The concept behind altering the microbiome of the gut to treat various diseases is simple and seductive. It seems so easy on paper, “Grow the good bacteria, crowd out the bad bacteria, and all will be well is appealing to patients, physicians and providers. This concept could treat so many diseases, both gastrointestinal and non-GI. Unfortunately, for many reasons, it’s not so simple. The science of the intestinal microbiome is still in its infancy — we can’t even culture half of the microbes in the gut via conventional microbiological means.
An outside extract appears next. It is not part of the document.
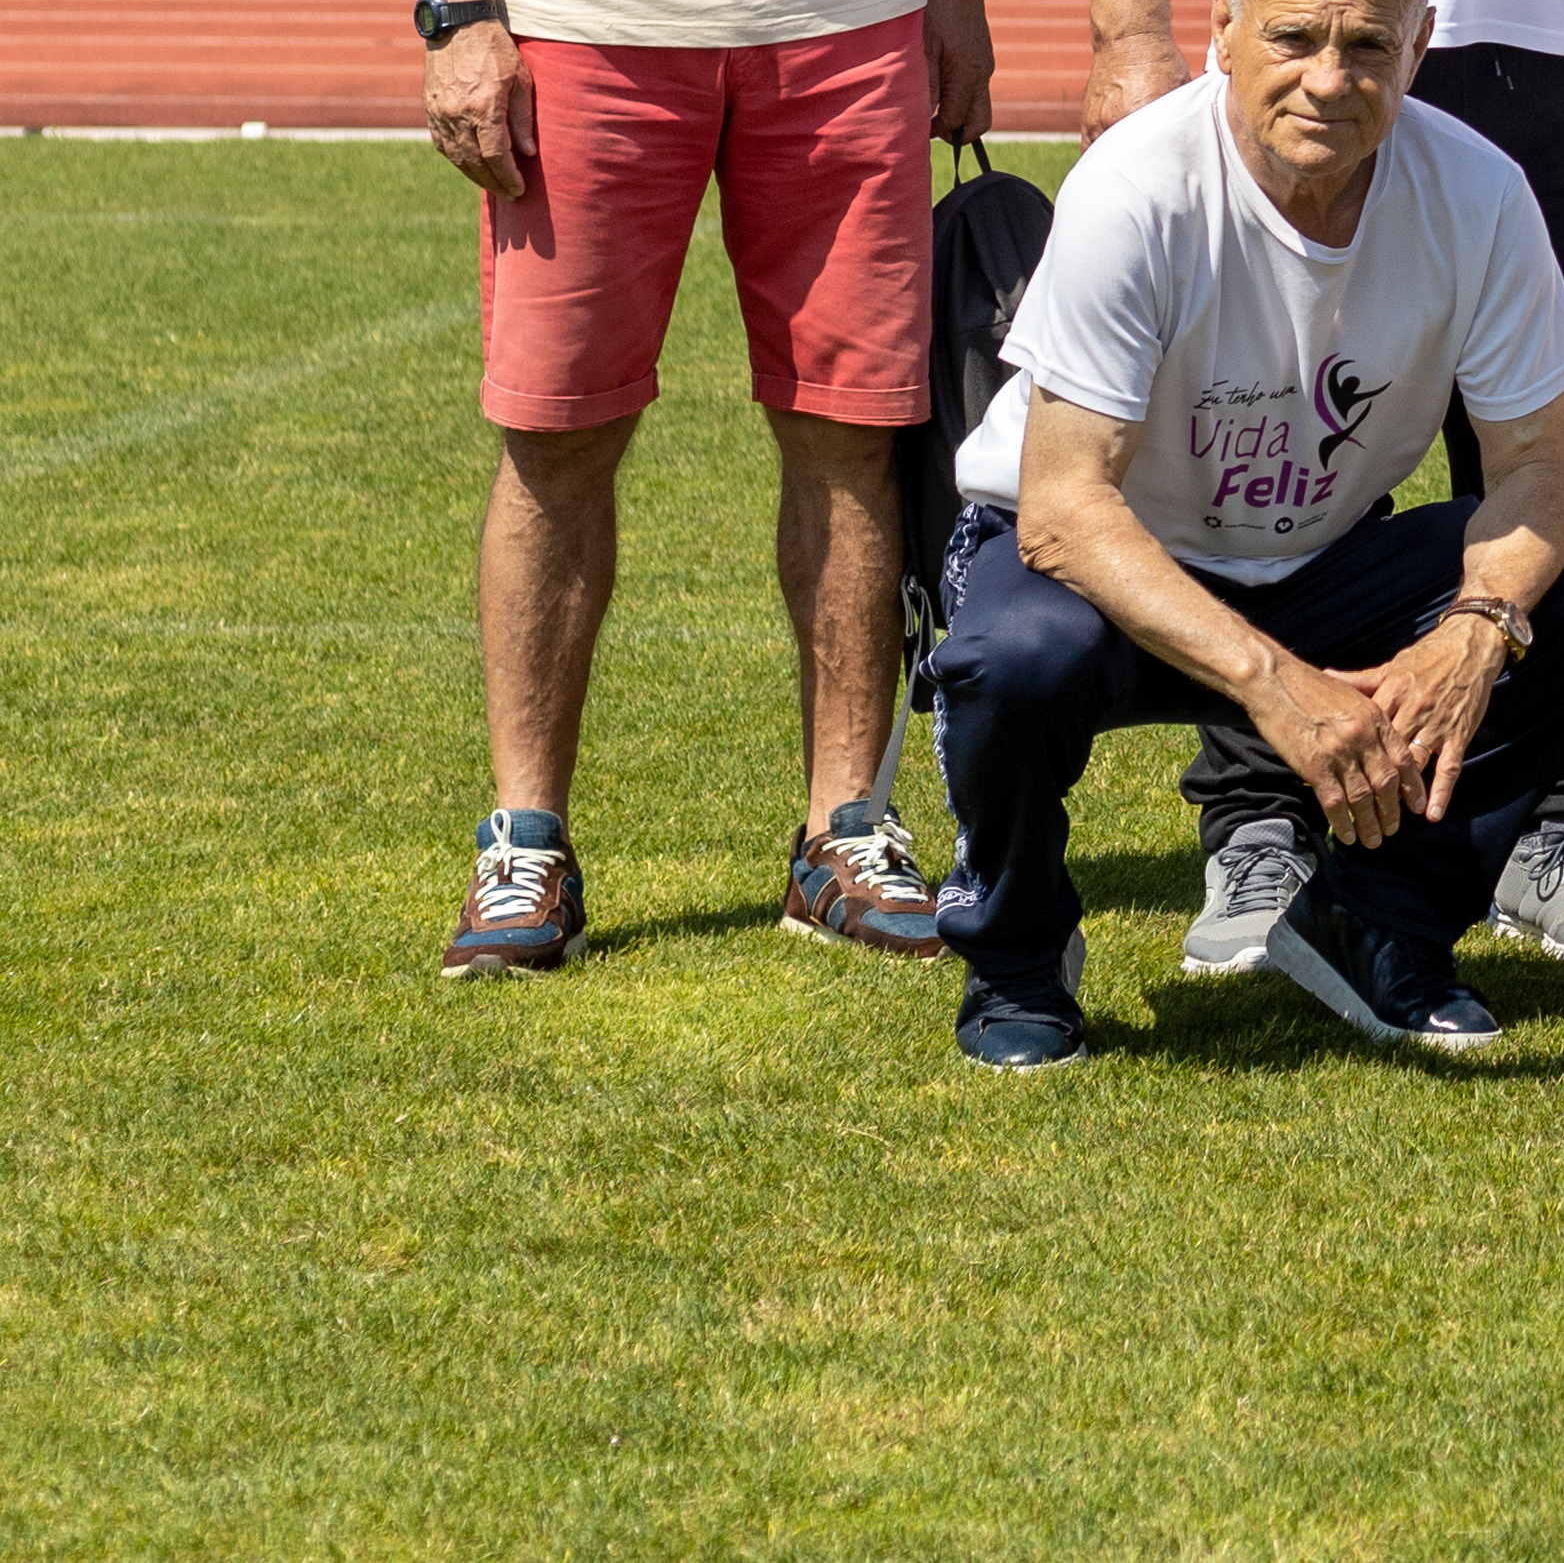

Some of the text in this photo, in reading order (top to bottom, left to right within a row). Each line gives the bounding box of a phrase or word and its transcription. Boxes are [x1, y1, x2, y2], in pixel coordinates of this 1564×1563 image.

[1225, 381, 1265, 407] tenho
[1190, 415, 1290, 461] Vida
[1212, 460, 1338, 508] Feliz
Categorizing the microbiome through DNA fingerprinting in its entirety is time- and resource-intensive. For complex diseases such as Crohn’s and ulcerative colitis, it stands to reason that there are literally scores (if not hundreds) of ways to get to the final common pathway of an inflamed gut. Therefore, there is not going to be a one-size-fits-all solution to inflammatory bowel disease, let alone other GI conditions such as irritable bowel syndrome. On the one hand, in most cases, there isn’t going to be much downside to administering a probiotic or prebiotic (with the possible exception of a severely immunocompromised patient with a defective intestinal barrier). However, on the other hand, it’s not clear that the upside is going to be large.
We are doing our patients a service in being even-handed and evidence-based when we discuss the utility of probiotics with them for various GI conditions. We should absolutely continue to study the efficacy and safety of these agents in the various diseases of our specialty — but we should be clear-eyed when setting expectations with our patients.